Anche nella scelta del tessuto per le tende da sole si può puntare alla sostenibilità: optando per soluzioni sostenibili senza rinunciare ad elevate performance e certificazioni.
Simona Preda
A cura di Simona Preda
Pubblicato il 21/01/2022 Aggiornato il 21/01/2022
tende da sole plastica riciclata Tempotest Starlight blue di Para

L’attenzione per l’ambiente, la sostenibilità e il riciclo dei materiali sono fattori importanti che le aziende non possono trascurare nella produzione attuale. Nel rispetto di queste tematiche rientra a pieno titolo la prima collezione di tessuti per tende da sole realizzata in PET riciclato, Tempotest® Starlight® blue di Parà.

Riciclando 328 bottiglie di plastica, ad esempio 112 da 1,5 litri e 216 da 0,5 litri, si realizzano 21 mq di tessuto per tende.

La collezione è certificata GRS (Global Recycled Standard), perché viene realizzata con un processo sostenibile, che permette un risparmio energetico del 60%, il 45% di emissioni in meno di CO2 e una riduzione del consumo d’acqua del 90%.

Il tessuto Tempotest® Starlight® blue dimostra che si può realizzare un prodotto sostenibile con performance elevate. Infatti ha un notevole recupero elastico e ottima resistenza alle trazioni e alle sollecitazioni, caratteristiche che lo rendono particolarmente adatto a strutture di grandi dimensioni. Il fattore di protezione UPF 50+ garantisce ottima protezione ai raggi UV e un maggiore ciclo di vita del prodotto.

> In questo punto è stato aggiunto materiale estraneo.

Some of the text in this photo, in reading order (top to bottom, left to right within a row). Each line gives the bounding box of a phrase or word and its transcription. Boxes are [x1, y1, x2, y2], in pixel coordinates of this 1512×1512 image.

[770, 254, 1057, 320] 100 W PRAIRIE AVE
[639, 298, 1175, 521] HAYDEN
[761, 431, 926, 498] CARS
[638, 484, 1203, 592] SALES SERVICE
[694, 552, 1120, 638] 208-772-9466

Il finissaggio Teflon™ Extreme by Parà, rende inoltre il tessuto idro e olio repellente, imputrescibile e antimacchia.

La collezione comprende 16 tessuti dal design moderno e di alta qualità, che spaziano tra gli eleganti toni del grigio alle tonalità del giallo, anche in versioni a righe, solari ed estive.

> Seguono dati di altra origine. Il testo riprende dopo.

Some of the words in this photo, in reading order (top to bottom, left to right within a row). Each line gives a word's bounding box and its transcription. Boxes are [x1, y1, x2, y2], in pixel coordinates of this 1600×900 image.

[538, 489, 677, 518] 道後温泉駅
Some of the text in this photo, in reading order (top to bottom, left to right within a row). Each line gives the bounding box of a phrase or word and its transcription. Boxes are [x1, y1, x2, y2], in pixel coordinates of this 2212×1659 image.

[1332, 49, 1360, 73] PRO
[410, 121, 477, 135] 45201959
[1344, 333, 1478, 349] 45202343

tende da sole plastica riciclata Tempotest Starlight blue di Para gamma colori

La collezione di tende da sole in plastica riciclata Tempotest Starlight blue di Parà comprende 16 tessuti

Il processo di lavorazione consiste in diverse fasi, a partire dalla raccolta delle bottiglie in PET, all’accurato lavaggio all’interno dell’impianto di riciclo; poi il materiale viene triturato in piccole scaglie. In sintesi, la plastica viene fusa e pressata e, dopo un processo di solidificazione, viene tagliata in chips incolori, successivamente fuse e mescolate con PET contenente un’elevata concentrazione di colorante. Questo processo di tintura in massa rende il filato molto resistente alla perdita di colore. Il polimero fuso viene estruso e si ottengono i filamenti che si solidificano a contatto con l’aria, molto resistenti; i fili vengono raccolti su bobine e lavorati in base all’aspetto e alla caratteristiche che si vogliono ottenere.